NOTES SUR M. DE SADE

Entré à la maison royale de Charenton le 11 novembre 1814, je n’ai eu aucun rapport ni aucun entretien avec le marquis de Sade, qui a succombé le 2 décembre suivant à une maladie que je n’ai pu étudier que pendant quelques heures et qui ne m’a laissé d’autre impression que celle d’un engouement pulmonaire accompagné peut-être d’épanchement séreux dans la poitrine, avec respiration difficile et sifflante, comme il arrive dans les accès d’asthme.

Je ne connaissais M. de Sade que parce que l’on me l’avait signalé. Je le rencontrais fréquemment se promenant seul, d’un pas lourd et traînant, mis d’une manière fort négligée, dam le corridor avoisinant l’appartement qu’il habitait ; je ne l’ai jamais surpris causant avec personne. Passant à côté de lui, je le saluais, et il répondait à mon salut avec cette politesse froide qui éloigne toute idée d’entrer en conversation.

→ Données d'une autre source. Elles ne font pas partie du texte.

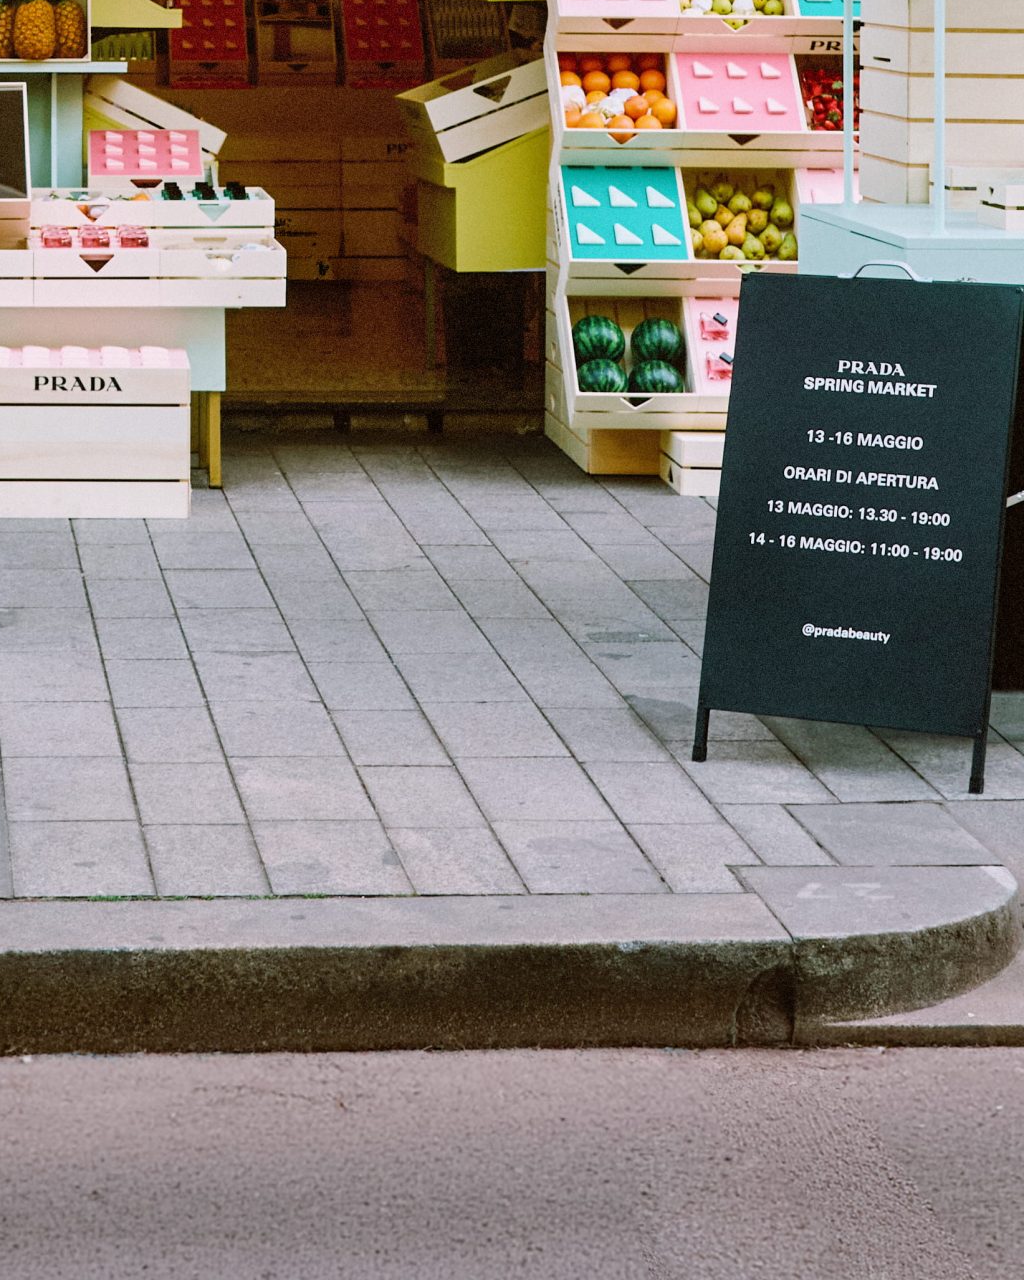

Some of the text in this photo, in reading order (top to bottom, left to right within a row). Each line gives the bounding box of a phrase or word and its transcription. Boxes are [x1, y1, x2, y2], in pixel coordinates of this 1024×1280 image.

M. de Sade était pour moi un des personnages curieux de l’époque de la dernière moitié du dix-huitième siècle ; curieux par ce que j’en avais entendu dire, car je n’avais pas encore lu ses livres, quoique je les connusse, fort imparfaitement il est vrai, par tradition. Mais certes, je dois le dire, rien ne pouvait me faire soupçonner en lui l’auteur de Justine et de Juliette ; il ne produisait en moi d’autre effet que celui d’un vieux gentilhomme altier et morose.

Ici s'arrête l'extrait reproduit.